Trepé hasta el castillo para bajar por el otro lado de la colina. En esa loma descubrí un lugar entre los rododendros desde donde se escuchaba todo. Era una especie de paso obligado de los sonidos de los alrededores. Me fascinó el lugar, pero me fui pronto de ahí. Tenía que contar todo lo que me había pasado.

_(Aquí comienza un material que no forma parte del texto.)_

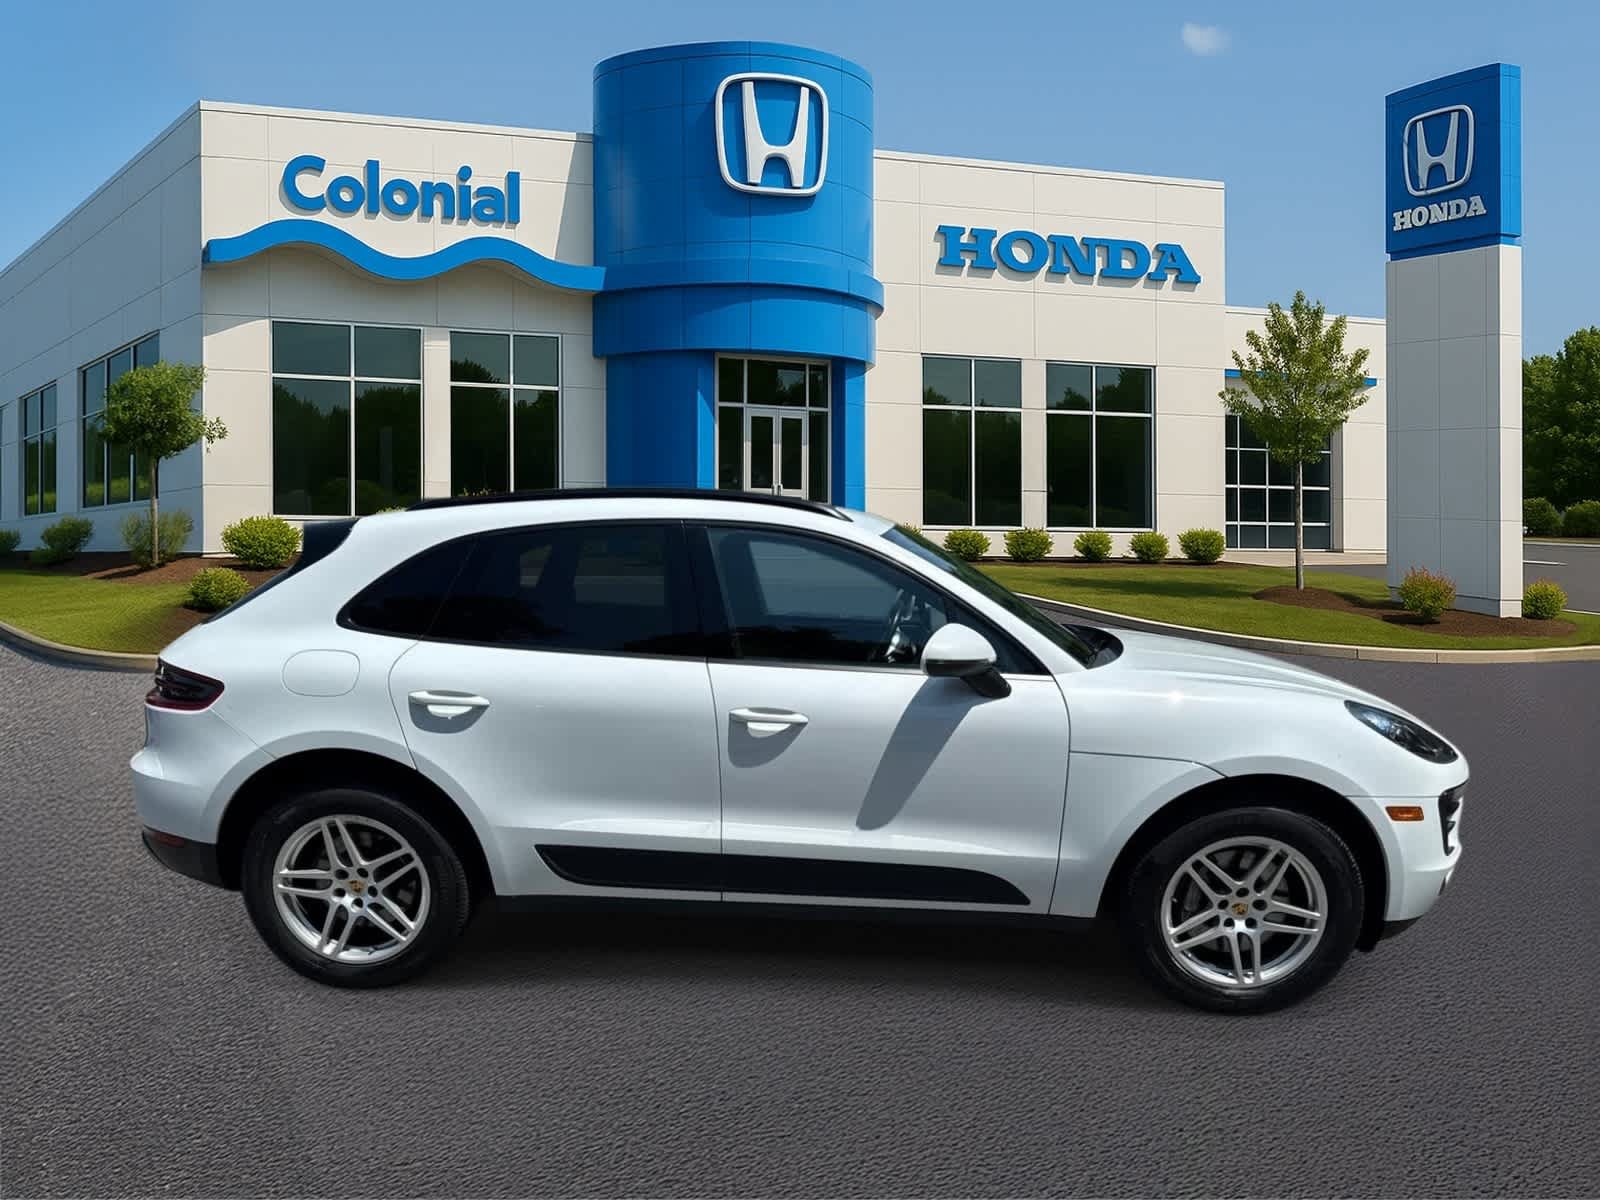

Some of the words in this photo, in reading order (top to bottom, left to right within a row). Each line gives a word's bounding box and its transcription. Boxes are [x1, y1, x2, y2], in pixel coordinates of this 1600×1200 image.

[281, 154, 520, 225] Colonial
[1393, 195, 1487, 232] HONDA
[937, 224, 1202, 284] HONDA
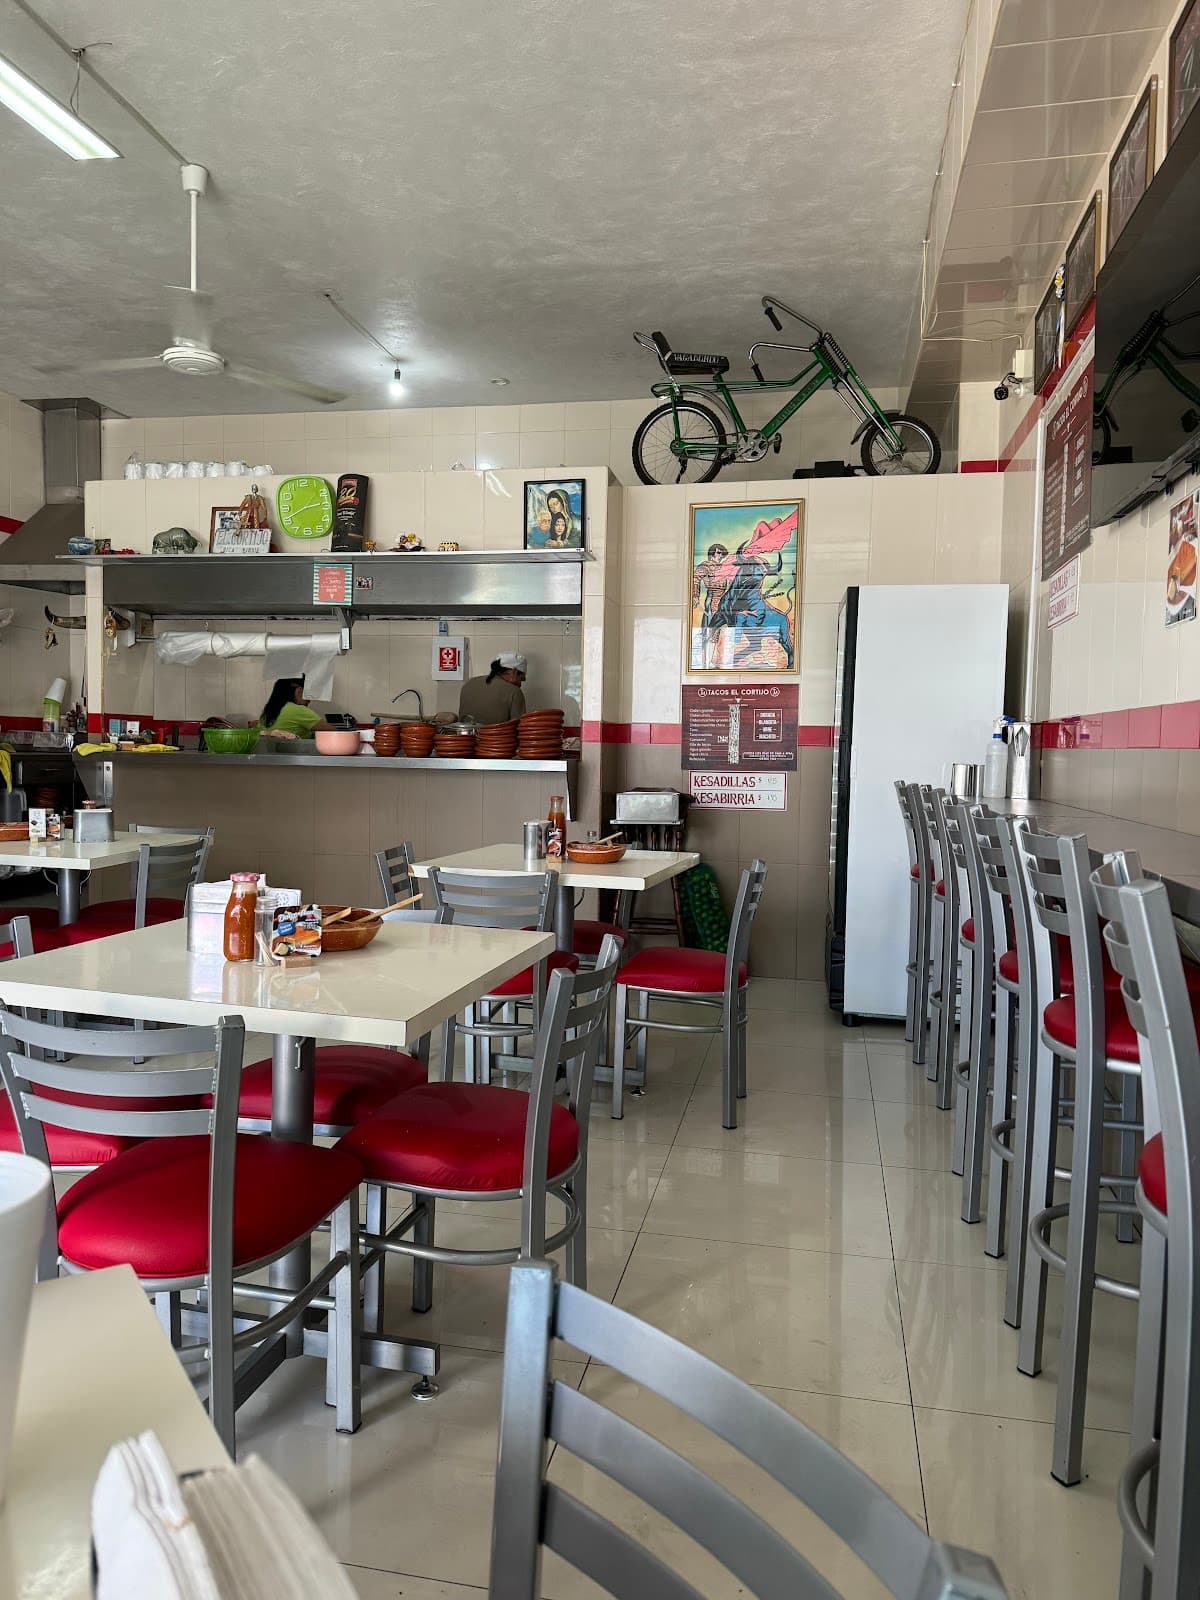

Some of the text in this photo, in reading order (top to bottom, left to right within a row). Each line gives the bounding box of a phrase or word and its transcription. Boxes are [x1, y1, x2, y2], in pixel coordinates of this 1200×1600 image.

[673, 353, 720, 363] VAGABUNDO
[693, 775, 756, 788] KESADILLAS
[693, 792, 755, 805] KESABIRRIA

El encuentro con los seres humanos no fue agradable. No hubo modo de hacerme entender. Comencé a caminar entre los árboles solo de nuevo y, poco a poco, fui escabulléndome del mundo de las plantas. La ténue luz de la noche creaba un filtro de tinta azul marino, y el verde de las plantas ya no era tal. La salida del mundo real fue, al principio, silenciosa y paulatina. Tumbado en un tronco mirando hacia el cielo, hablando de nimiedades con otros seres humanos, algo horrible sucedió.

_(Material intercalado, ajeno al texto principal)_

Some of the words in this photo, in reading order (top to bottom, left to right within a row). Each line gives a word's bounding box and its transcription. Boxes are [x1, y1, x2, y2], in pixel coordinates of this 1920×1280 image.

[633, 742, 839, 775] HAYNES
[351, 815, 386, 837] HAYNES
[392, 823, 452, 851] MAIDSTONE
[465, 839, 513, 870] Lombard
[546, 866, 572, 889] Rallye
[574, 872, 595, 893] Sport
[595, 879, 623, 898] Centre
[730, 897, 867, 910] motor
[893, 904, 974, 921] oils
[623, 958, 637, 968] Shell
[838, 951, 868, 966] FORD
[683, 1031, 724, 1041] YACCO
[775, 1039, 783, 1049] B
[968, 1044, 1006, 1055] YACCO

Me incorporé un momento y acaricié mis brazos. Recordé el golpe sufrido en la carrera por salvar al caracol y noté en mi muñeca un bulto extraño. Al fijarme bien entendí que se me había salido un hueso de la muñeca. Sentí que se me nublaba la vista, comencé sudar y a sentirme terriblemente débil. Me puse en pie y, balanceándome de lado a lado, conseguí quitarme el jersey. A duras penas conseguía mantenerme derecho, y no hacía más que pensar en mi muñeca. Definitivamente tenía un hueso dislocado. Mi principal preocupación era no sentir dolor: ¿por qué no sentía dolor teniendo un hueso fuera de su lugar? Me mareé y por un momento dejé de oír. Comencé a caminar por el camino que llevaba a la orilla del fiordo y, súbitamente, volví a encontrarme en el mismo sitio. El sudor dio paso al frío, y mis piernas volvieron a ser capaces de aguantar mi peso. Comenzaba a clarear y el azul se hizo verde: la vuelta al mundo cotidiano había sido dura, aunque afortunadamente todos los huesos estaban en su sitio. Aparentemente.